=== TASK DIRECTIONS ===
All of the lines below should be output exactly as shown.

=== MATERIAL FOR THE TASK ===
======

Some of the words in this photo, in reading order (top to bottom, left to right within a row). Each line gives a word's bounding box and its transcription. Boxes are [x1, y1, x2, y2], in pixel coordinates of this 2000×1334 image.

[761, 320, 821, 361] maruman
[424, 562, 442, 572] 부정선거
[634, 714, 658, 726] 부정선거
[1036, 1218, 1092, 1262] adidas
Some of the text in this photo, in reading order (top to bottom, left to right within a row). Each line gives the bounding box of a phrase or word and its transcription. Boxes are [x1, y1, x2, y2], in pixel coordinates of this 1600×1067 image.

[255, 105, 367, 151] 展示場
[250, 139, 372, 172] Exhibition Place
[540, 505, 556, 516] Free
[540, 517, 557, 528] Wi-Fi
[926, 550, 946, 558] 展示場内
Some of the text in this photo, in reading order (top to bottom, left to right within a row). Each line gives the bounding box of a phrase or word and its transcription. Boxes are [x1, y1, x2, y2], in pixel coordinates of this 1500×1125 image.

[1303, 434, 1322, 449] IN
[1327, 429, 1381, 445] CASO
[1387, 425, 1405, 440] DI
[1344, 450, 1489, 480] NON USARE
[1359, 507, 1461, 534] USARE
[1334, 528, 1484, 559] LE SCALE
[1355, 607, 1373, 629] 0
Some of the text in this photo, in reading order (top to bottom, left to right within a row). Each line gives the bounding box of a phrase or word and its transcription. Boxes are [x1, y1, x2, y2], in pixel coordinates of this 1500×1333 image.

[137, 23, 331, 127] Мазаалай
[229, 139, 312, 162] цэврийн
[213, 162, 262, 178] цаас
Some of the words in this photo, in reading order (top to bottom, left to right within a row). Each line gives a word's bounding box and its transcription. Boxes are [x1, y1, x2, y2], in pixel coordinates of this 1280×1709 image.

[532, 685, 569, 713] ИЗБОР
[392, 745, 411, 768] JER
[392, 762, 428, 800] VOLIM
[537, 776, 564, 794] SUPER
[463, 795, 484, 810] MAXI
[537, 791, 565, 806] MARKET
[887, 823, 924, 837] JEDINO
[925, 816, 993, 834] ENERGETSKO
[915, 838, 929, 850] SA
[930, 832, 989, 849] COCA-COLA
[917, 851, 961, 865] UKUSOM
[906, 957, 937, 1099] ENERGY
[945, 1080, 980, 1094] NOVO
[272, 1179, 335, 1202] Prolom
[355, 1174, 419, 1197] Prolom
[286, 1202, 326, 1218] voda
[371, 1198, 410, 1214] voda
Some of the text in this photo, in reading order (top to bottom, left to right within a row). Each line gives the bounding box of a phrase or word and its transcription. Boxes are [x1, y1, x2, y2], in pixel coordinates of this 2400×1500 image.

======

=== RESULT ===
Some of the words in this photo, in reading order (top to bottom, left to right within a row). Each line gives a word's bounding box and its transcription. Boxes are [x1, y1, x2, y2], in pixel coordinates of this 2000×1334 image.

[761, 320, 821, 361] maruman
[424, 562, 442, 572] 부정선거
[634, 714, 658, 726] 부정선거
[1036, 1218, 1092, 1262] adidas
Some of the text in this photo, in reading order (top to bottom, left to right within a row). Each line gives the bounding box of a phrase or word and its transcription. Boxes are [x1, y1, x2, y2], in pixel coordinates of this 1600×1067 image.

[255, 105, 367, 151] 展示場
[250, 139, 372, 172] Exhibition Place
[540, 505, 556, 516] Free
[540, 517, 557, 528] Wi-Fi
[926, 550, 946, 558] 展示場内
Some of the text in this photo, in reading order (top to bottom, left to right within a row). Each line gives the bounding box of a phrase or word and its transcription. Boxes are [x1, y1, x2, y2], in pixel coordinates of this 1500×1125 image.

[1303, 434, 1322, 449] IN
[1327, 429, 1381, 445] CASO
[1387, 425, 1405, 440] DI
[1344, 450, 1489, 480] NON USARE
[1359, 507, 1461, 534] USARE
[1334, 528, 1484, 559] LE SCALE
[1355, 607, 1373, 629] 0
Some of the text in this photo, in reading order (top to bottom, left to right within a row). Each line gives the bounding box of a phrase or word and its transcription. Boxes are [x1, y1, x2, y2], in pixel coordinates of this 1500×1333 image.

[137, 23, 331, 127] Мазаалай
[229, 139, 312, 162] цэврийн
[213, 162, 262, 178] цаас
Some of the words in this photo, in reading order (top to bottom, left to right within a row). Each line gives a word's bounding box and its transcription. Boxes are [x1, y1, x2, y2], in pixel coordinates of this 1280×1709 image.

[532, 685, 569, 713] ИЗБОР
[392, 745, 411, 768] JER
[392, 762, 428, 800] VOLIM
[537, 776, 564, 794] SUPER
[463, 795, 484, 810] MAXI
[537, 791, 565, 806] MARKET
[887, 823, 924, 837] JEDINO
[925, 816, 993, 834] ENERGETSKO
[915, 838, 929, 850] SA
[930, 832, 989, 849] COCA-COLA
[917, 851, 961, 865] UKUSOM
[906, 957, 937, 1099] ENERGY
[945, 1080, 980, 1094] NOVO
[272, 1179, 335, 1202] Prolom
[355, 1174, 419, 1197] Prolom
[286, 1202, 326, 1218] voda
[371, 1198, 410, 1214] voda
Some of the text in this photo, in reading order (top to bottom, left to right within a row). Each line gives the bounding box of a phrase or word and its transcription. Boxes are [x1, y1, x2, y2], in pixel coordinates of this 2400×1500 image.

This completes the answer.